今日の更新は、スティーヴン・キング『書くことについて』です。

 

あらすじ・書籍概要

ホラーの巨匠スティーヴン・キング。彼が「書くことについて」語る。生い立ちと小説家としてデビューするまで、ドラッグと酒に溺れた過去。そして創作技法やエージェントの見つけ方を書き記す本。

 

読んでいて元気が出る小説技法本

序盤は自らの生い立ちと、小説家になり、ドラッグに溺れ、それから卒業するまでの自伝です。何度も小説を雑誌に投稿して没になっているシーンは、「あのキングも没の嵐を食らったことがあるのか」と思い少しなぐさめになりました。誰だって最初からすごい小説を書けたわけではない。

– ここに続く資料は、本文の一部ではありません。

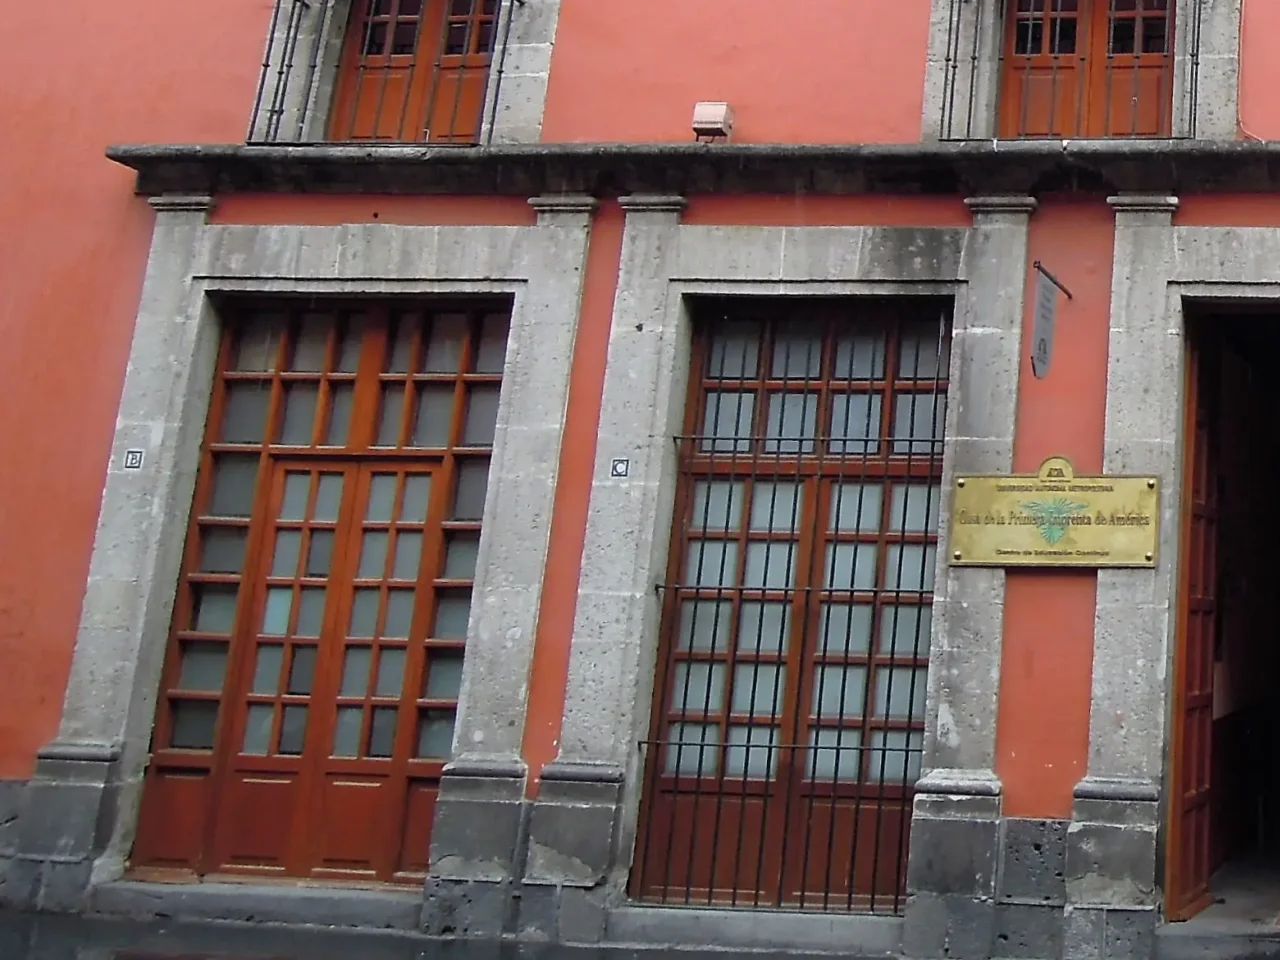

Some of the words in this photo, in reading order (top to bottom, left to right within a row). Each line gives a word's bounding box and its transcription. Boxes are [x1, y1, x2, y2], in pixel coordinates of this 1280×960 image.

そして妻のタビーをはじめとして、彼のやりたいことに理解を示し、見守ってくれている人たちがいる心強さがうらやましいですね。

 

中盤あたりからキング自身が物語を書くときに実践していることを書いています。

「読者に媚びたものを書こうとするな」とか、「副詞はなるべく減らせ」とかいうアドバイスは耳が痛かったです。私そういう話書いてしまいがちだわ……。

ここに書かれていることは賛成できることもあればそうでないこともありますが、キングが長年の執筆活動で得た経験則がふんだんに盛り込まれているのでそれ自体が面白いです。イラストレーターのメイキングを見ているような感覚でした。その方法が自分と違っていても、誰かが作品を組み立てていく手順を見るのは興味深いです。

読者へのアドバイスという体を取っていながら、説教くさく感じないのは、彼自身の失敗談やユーモアを交えて書いているからでしょうね。 

 

そして何より、物語への愛に励まされます。ドラッグに溺れたり交通事故に遭ったりしながらも、キングの創作意欲はとどまることを知りません。書くことを楽しみ、同時に苦しんでもいる。物語るために生まれてきた人。そういう作家だからこそ、キングの言葉に元気をもらえるのだと思います。

私はプロを目指すつもりはないけれど、それでもこの熱意にはあこがれます。こんな風に小説をかけたらきっと楽しいでしょう。

 

まとめ

読み終わって「もっと物語を書きたい!」と思える本でした。小説を書いている人だけではなく、他のものを作っている人にも読んでほしいです。

キングの小説もまた読みたくなってしまいました。